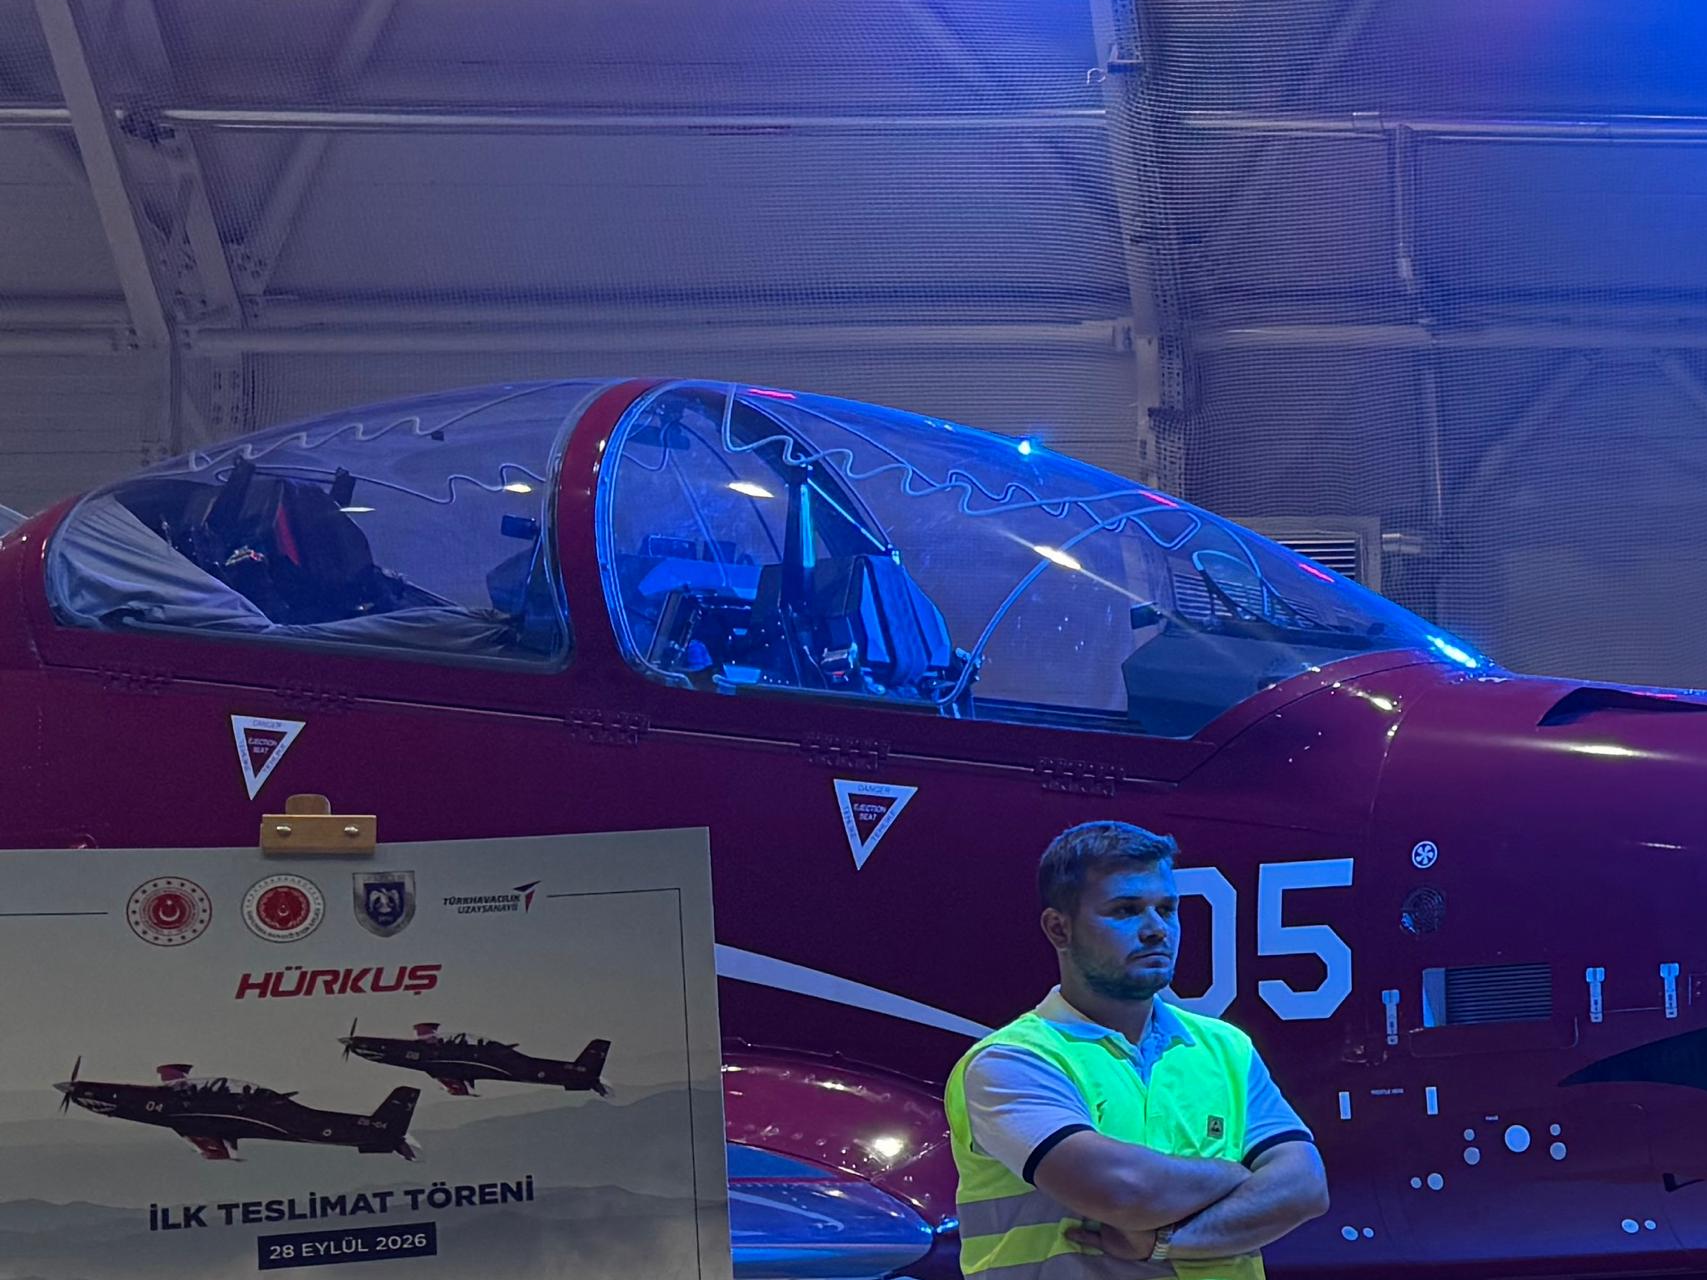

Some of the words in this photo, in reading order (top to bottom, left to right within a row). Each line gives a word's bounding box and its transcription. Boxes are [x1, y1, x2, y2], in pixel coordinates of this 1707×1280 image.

[1166, 858, 1354, 1020] 05
[235, 964, 442, 999] HÜRKUŞ
[145, 1100, 164, 1113] 04
[149, 1204, 207, 1231] İLK
[217, 1191, 395, 1225] TESLİMAT
[404, 1175, 534, 1211] TÖRENİ
[269, 1245, 295, 1260] 28
[301, 1237, 369, 1257] EYLÜL
[375, 1233, 427, 1251] 2026

Aim of the task
Nothing but the records, restated word for word and stripped of images, belongs in the answer.

Exercise response
Some of the words in this photo, in reading order (top to bottom, left to right within a row). Each line gives a word's bounding box and its transcription. Boxes are [x1, y1, x2, y2], in pixel coordinates of this 1707×1280 image.

[1166, 858, 1354, 1020] 05
[235, 964, 442, 999] HÜRKUŞ
[145, 1100, 164, 1113] 04
[149, 1204, 207, 1231] İLK
[217, 1191, 395, 1225] TESLİMAT
[404, 1175, 534, 1211] TÖRENİ
[269, 1245, 295, 1260] 28
[301, 1237, 369, 1257] EYLÜL
[375, 1233, 427, 1251] 2026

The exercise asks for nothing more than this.